Let me first recall the the standard things that people say about constructing the family of Calabi-Yaus mirror dual to a quintic 3-fold in $\mathbb{P}^{4}$, and then I'll point out where I have a question (probably pretty simple).

Consider first the pencil of quintics $\mathcal{X}$ in $\mathbb{P}^{4} \times \mathbb{A}^{1}$ with equation $z_{0}^{5} + ... + z_{4}^{5}+5\psi z_{0}\cdots z_{4}=0$. It is easy to check that this is smooth for $\psi^{5} \neq 1$, so away from $5$th roots of unity. Note that the pencil is somewhat redundant, since for any 5th root of unity $\alpha$, $\mathcal{X}_{\psi}$ is isomorphic to $\mathcal{X}_{\alpha\psi}$ via $[a_{0}:...:a_{4}] \mapsto [\alpha^{-1}a_{0}:...:a_{4}]$.

At this point, people usually say it is more natural to take a coordinate $\lambda=\psi^{5}$ for the pencil.
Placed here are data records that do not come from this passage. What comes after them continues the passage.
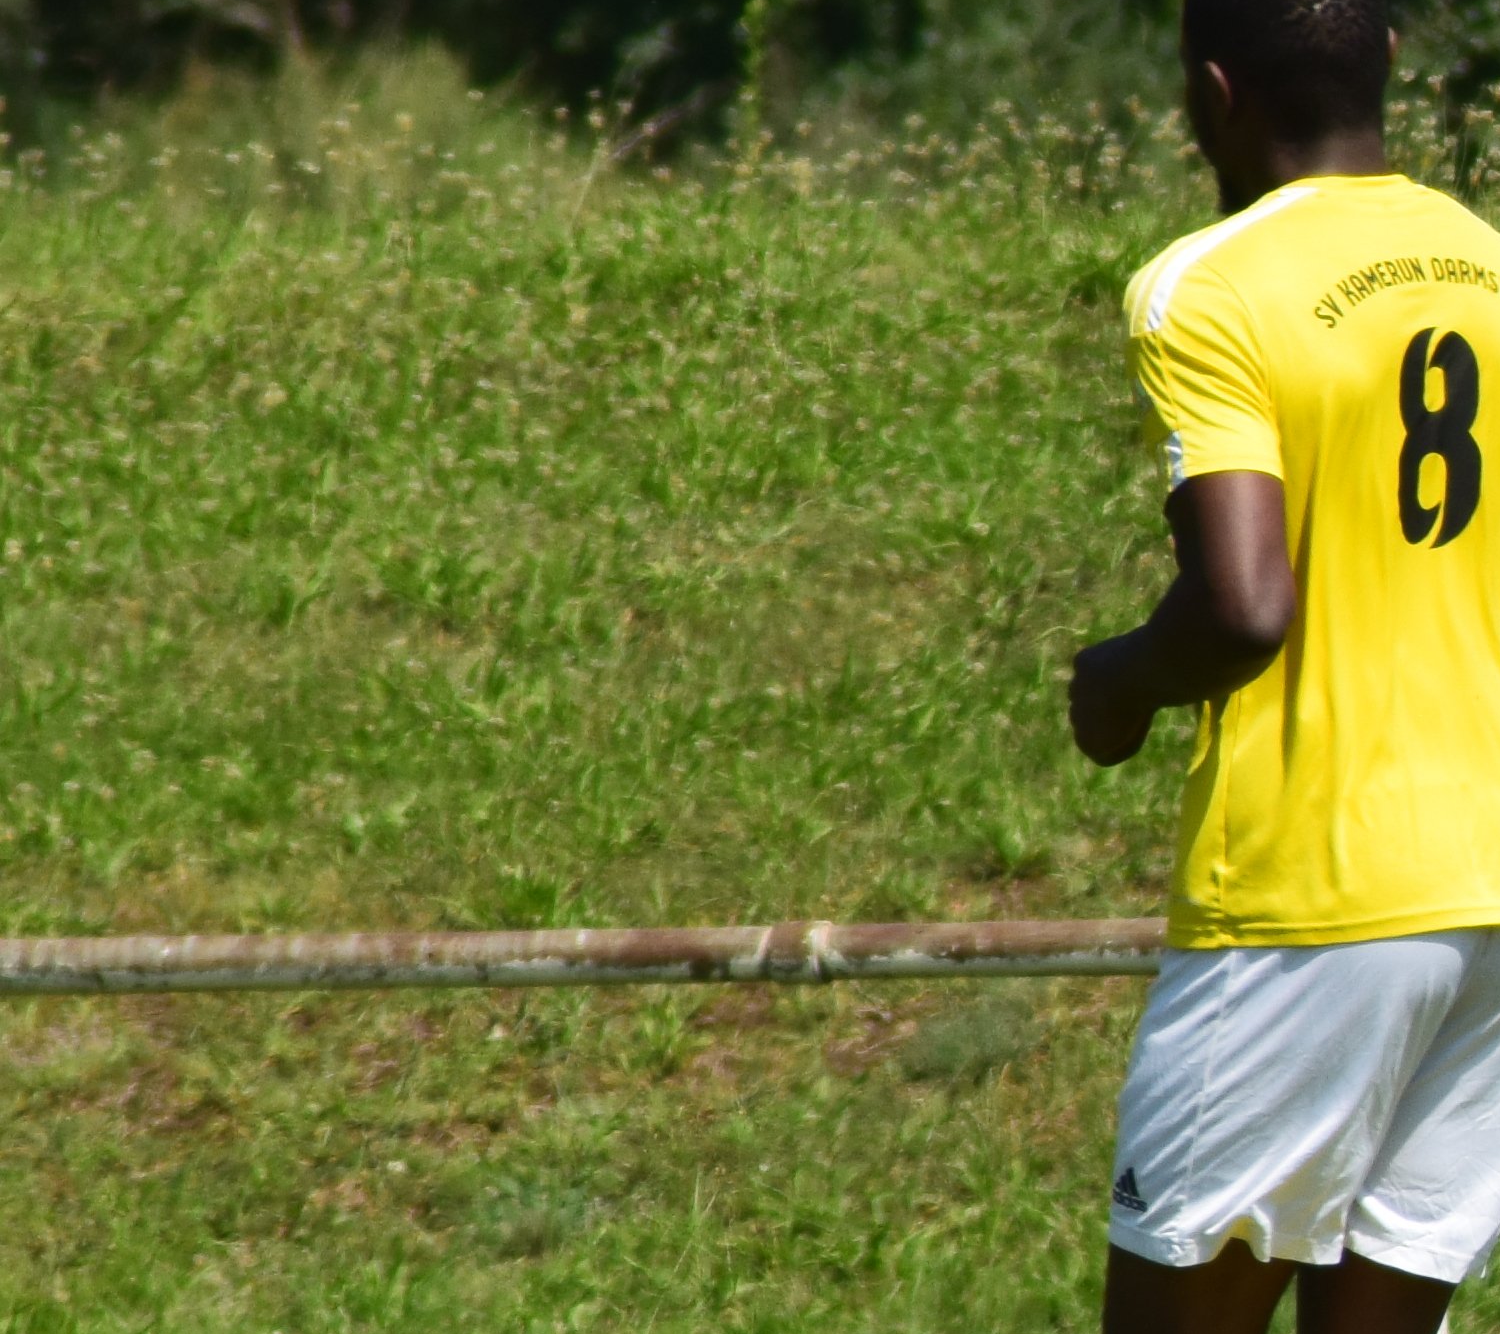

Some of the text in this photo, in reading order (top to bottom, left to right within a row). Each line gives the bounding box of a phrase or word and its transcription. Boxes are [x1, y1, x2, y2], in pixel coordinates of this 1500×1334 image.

[1314, 293, 1344, 329] SV
[1336, 257, 1426, 307] KAMERUN
[1397, 326, 1482, 549] 8
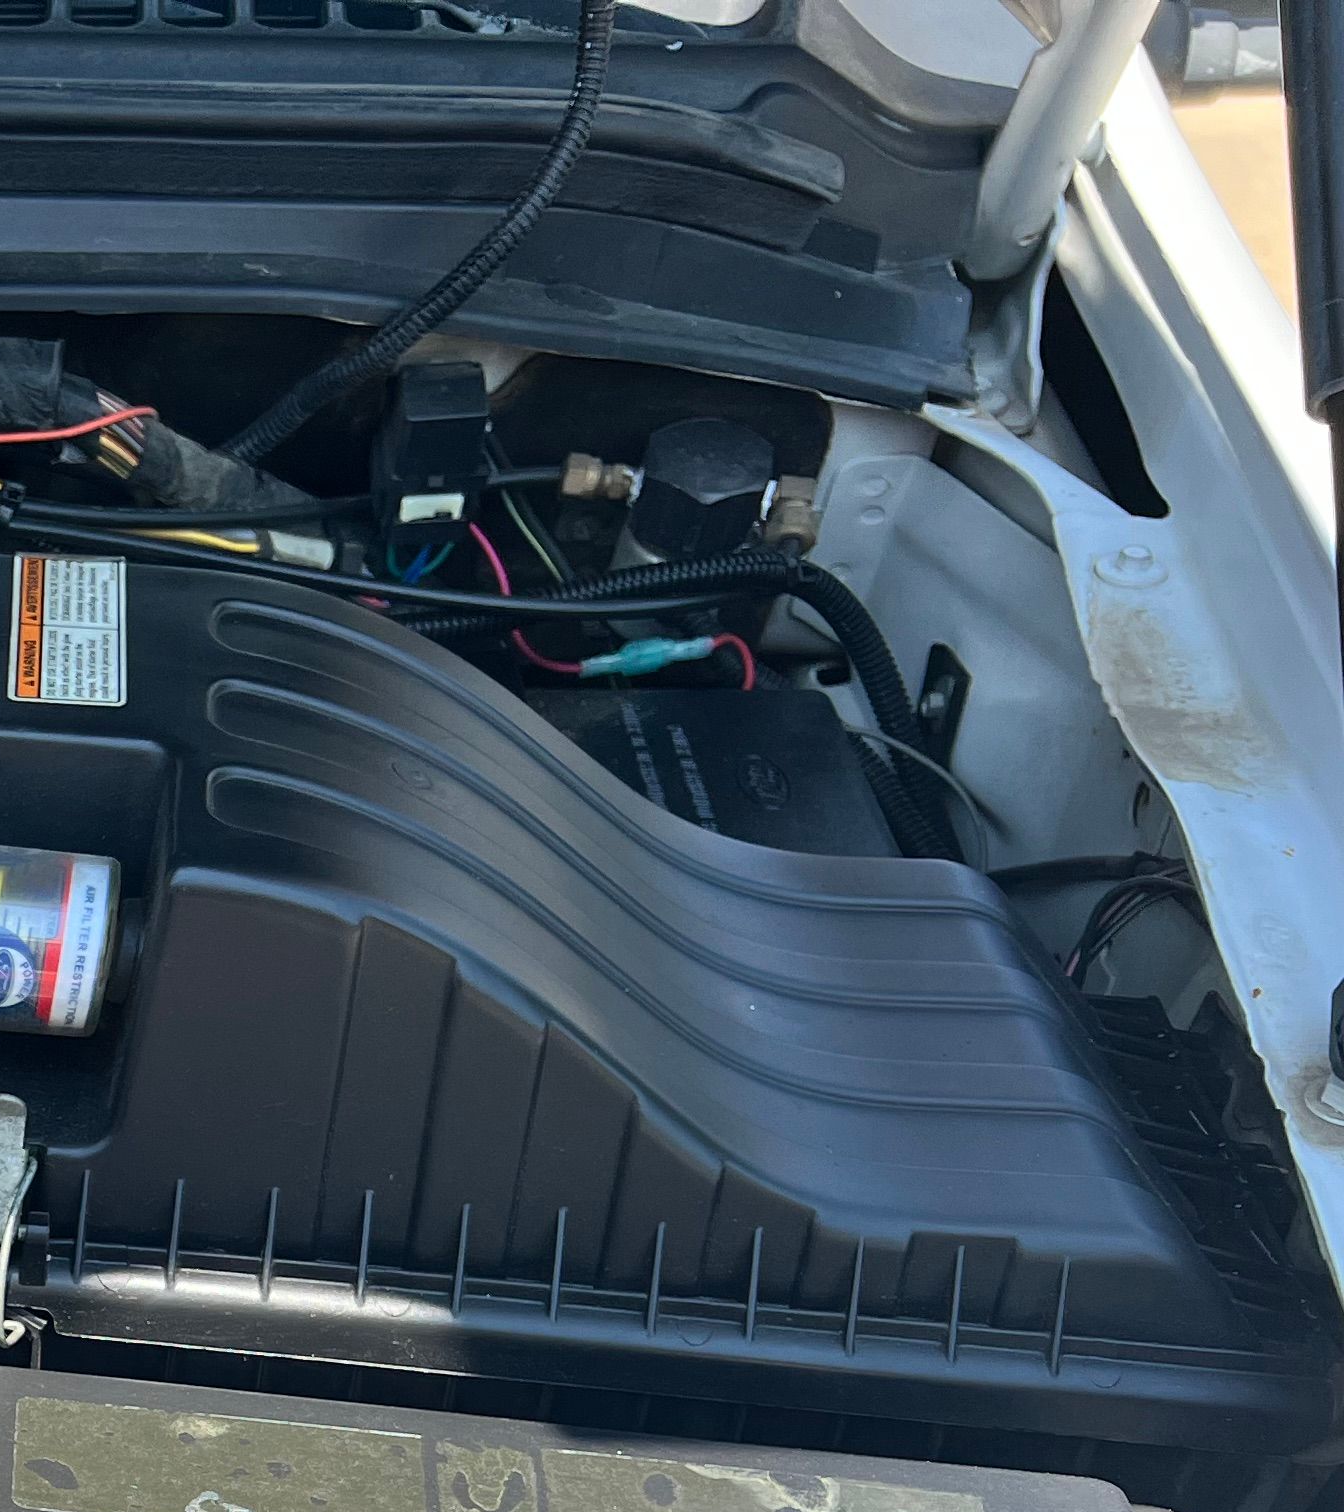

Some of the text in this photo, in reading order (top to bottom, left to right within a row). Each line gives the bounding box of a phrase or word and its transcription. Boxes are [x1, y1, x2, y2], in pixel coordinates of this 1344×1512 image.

[24, 640, 36, 678] WARNING
[83, 885, 96, 904] AIR
[76, 907, 94, 952] FILTER
[14, 961, 34, 999] POWER
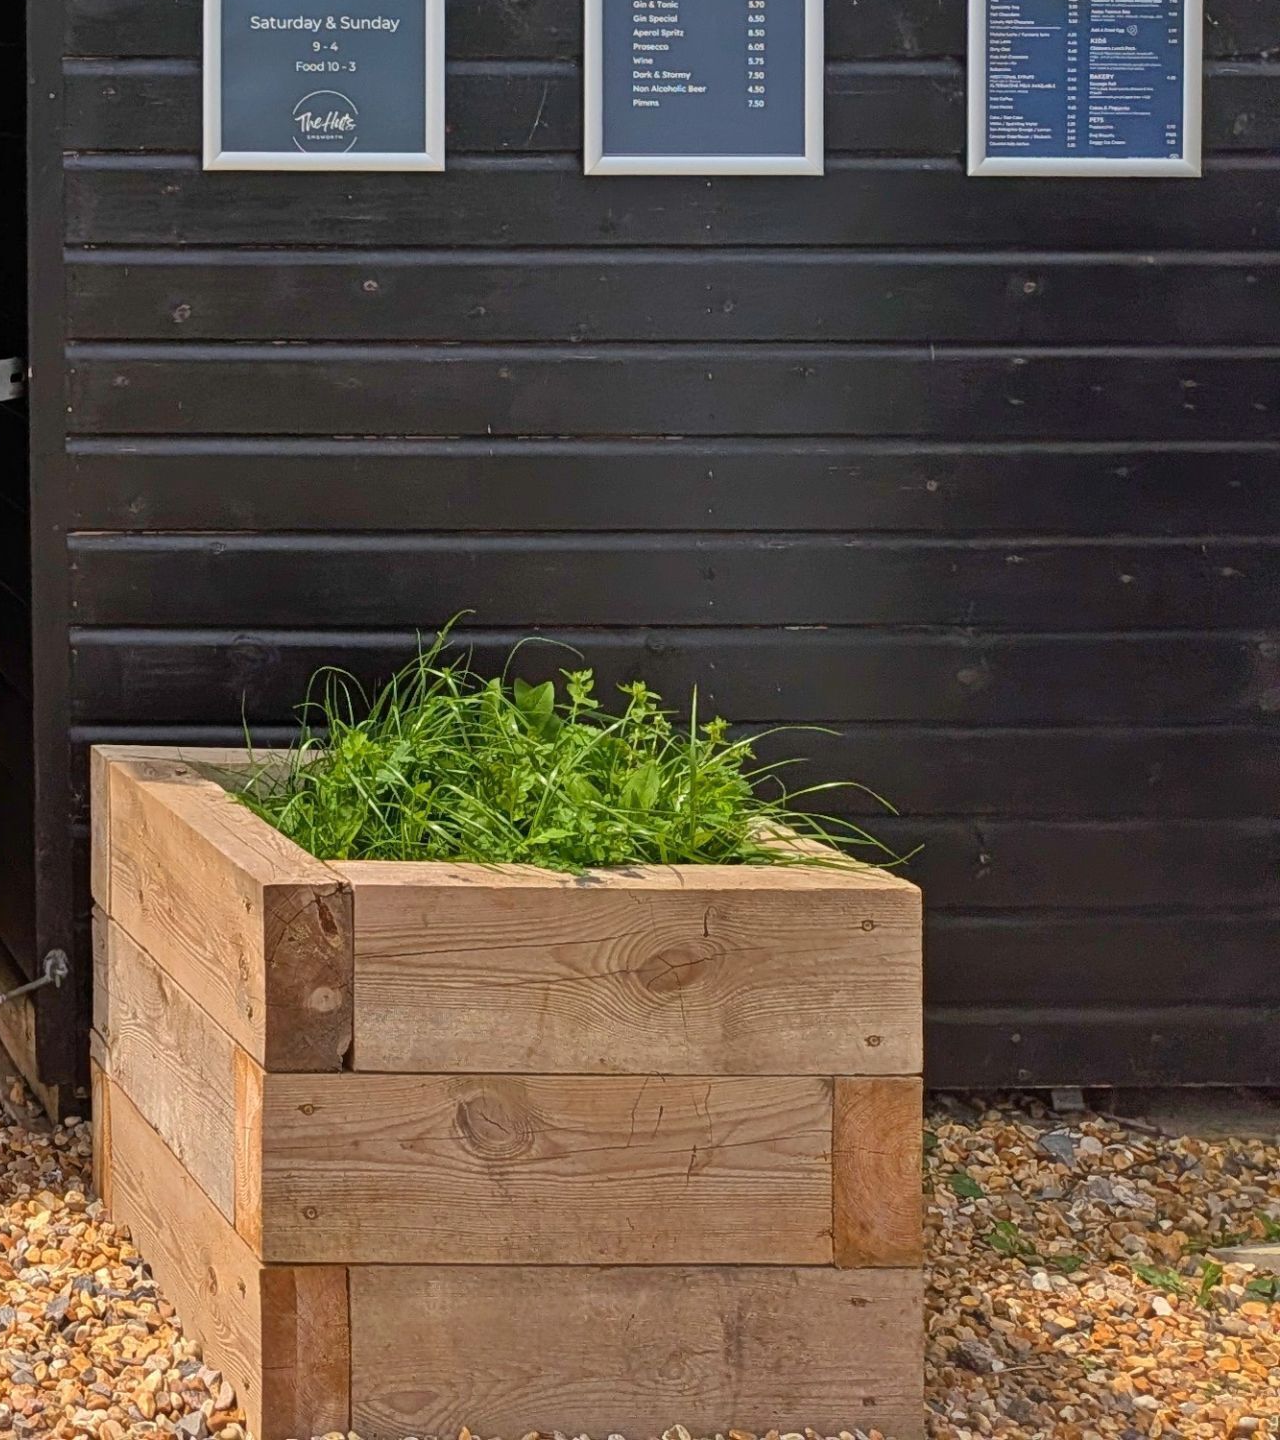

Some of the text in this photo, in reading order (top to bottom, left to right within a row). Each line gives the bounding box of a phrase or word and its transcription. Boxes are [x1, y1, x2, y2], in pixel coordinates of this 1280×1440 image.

I would like to interpret this in the following way: Consider the action of the group of fifth roots of unity on $\mathbb{P}^{4} \times \mathbb{A}^{1}$ via $([a_{0}:...:a_{4}],b) \mapsto ([\alpha^{-1}a_{0}:...:a_{4}],\alpha b)$, which is free on $\mathbb{P}^{4} \times (\mathbb{A}^{1} \setminus{0})$ and restricts to a free action on $\mathcal{X}$ (minus the zero fibre). We should therefore be able to take a quotient family $\mathcal{X}/\mu_{5} \rightarrow \mathbb{A}^{1} \setminus 0$, which will be smooth away from $1$.

  1. Does this work?

  2. Is there a more concrete description of this family, in terms of an equation for some pencil?

Now to get the mirror family from this point, we take a further quotient of the second family to get a third family, fibrewise. This third family has quotient singularities along the fibres and we want to construct a simultaneous crepant resolution. Surely there is some work involved in showing that you can do this. Usually people do this first, before taking the redundancy out of the family with parameter $\psi$.

  1. Can we construct a simultaneous crepant resolution of the second family with 'coordinate $\lambda=\psi^{5}$'?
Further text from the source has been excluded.